Cannot be constructed outside this module to enforce invariants about allowed offsets of state variable instants, see the constructors below.

type 'a bound_or_fixed = | Bound of 'a Equation is for each value of the index variable between zero and the upper bound | Fixed of 'a Fixed value for index variable | Unbound of 'a unbounded index variable: Type of index in an equation for an array

val type_of_expr : expr -> Type.t: Return the type of the expression

val equal_expr : expr -> expr -> bool: Equality of expressions

val is_true_expr : expr -> bool: Returns true iff the expr is the constant true.

type t = private { expr_init : expr; Lustre expression for initial state expr_step : expr; Lustre expression after initial state expr_type : Type.t; Common type of both initial and the step expression }

A Lustre expression

The -> operator is moved to the top of the expression, the expression is to be interpreted as expr_init -> expr_step.

module LustreExprHashtbl : Stdlib.Hashtbl.S with type LustreExprHashtbl.key = t: Hash table over Lustre expressions

val compare : t -> t -> int: Total order on lustre expressions

val compare_expr : expr -> expr -> int: Total order on expressions

val equal : t -> t -> bool: Equality of expressions

val hash : t -> int: Equality of expressions

val map : (int -> t -> t) -> t -> t: Tail-recursive bottom-up right-to-left map on the expression

val map_vars_expr : (Var.t -> Var.t) -> expr -> expr: Replace state variables in internal expression

val map_vars : (Var.t -> Var.t) -> t -> t: Replace state variables in expression

val type_of_lustre_expr : t -> Type.t: Return the type of the expression

Pretty-printers

All pretty-printers take a Boolean flag as first argument, indicating if identifiers should be valid Lustre identifiers.

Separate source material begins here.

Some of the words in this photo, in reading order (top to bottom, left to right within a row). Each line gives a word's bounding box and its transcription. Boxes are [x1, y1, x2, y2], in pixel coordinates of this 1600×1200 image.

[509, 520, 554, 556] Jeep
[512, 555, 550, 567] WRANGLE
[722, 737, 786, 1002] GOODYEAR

If the flag is false, indexed identifiers are printed with [, ] and .. These characters are replaced with _ if the flag is true.

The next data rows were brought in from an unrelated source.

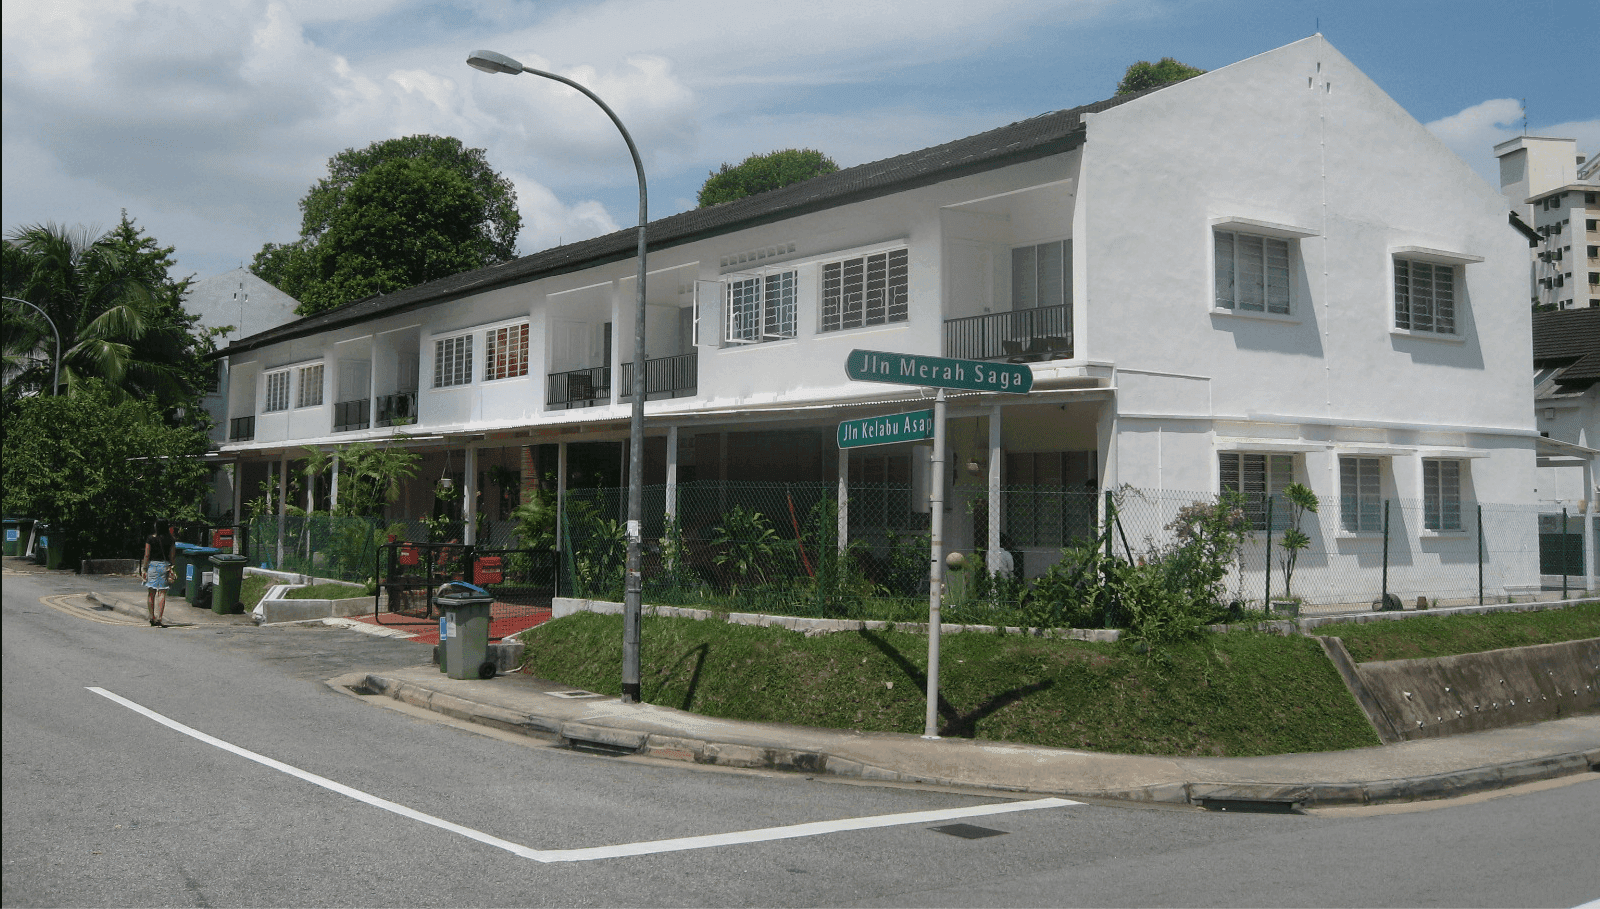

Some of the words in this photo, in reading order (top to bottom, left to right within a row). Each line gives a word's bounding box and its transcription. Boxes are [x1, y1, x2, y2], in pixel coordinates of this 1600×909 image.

[860, 354, 890, 375] Jln
[900, 358, 965, 381] Merah
[974, 364, 1022, 389] Saga
[843, 424, 858, 441] Jln
[862, 418, 899, 439] Kelabu
[903, 416, 932, 435] Asap

val pp_print_lustre_type : bool -> Stdlib.Format.formatter -> Type.t -> unit: Pretty-print a Lustre type

val pp_print_lustre_var : bool -> Stdlib.Format.formatter -> StateVar.t -> unit: Pretty-print a Lustre variable

val pp_print_lustre_var_typed : bool -> Stdlib.Format.formatter -> StateVar.t -> unit: Pretty-print a Lustre variable with its type

val pp_print_lustre_expr : bool -> Stdlib.Format.formatter -> t -> unit: Pretty-print a Lustre expression

val pp_print_expr : ?⁠as_type:Type.t -> bool -> Stdlib.Format.formatter -> expr -> unit: Pretty-print a Lustre expression. The optional parameter as_type indicates that the expression should be printed as if it had this type (used for encoded enumerated datatypes).

val pp_print_expr_pvar : ?⁠as_type:Type.t -> bool -> (Stdlib.Format.formatter -> StateVar.t -> unit) -> Stdlib.Format.formatter -> expr -> unit
val pp_print_term_as_expr : ?⁠as_type:Type.t -> bool -> Stdlib.Format.formatter -> Term.t -> unit: Pretty-print a term as an expr.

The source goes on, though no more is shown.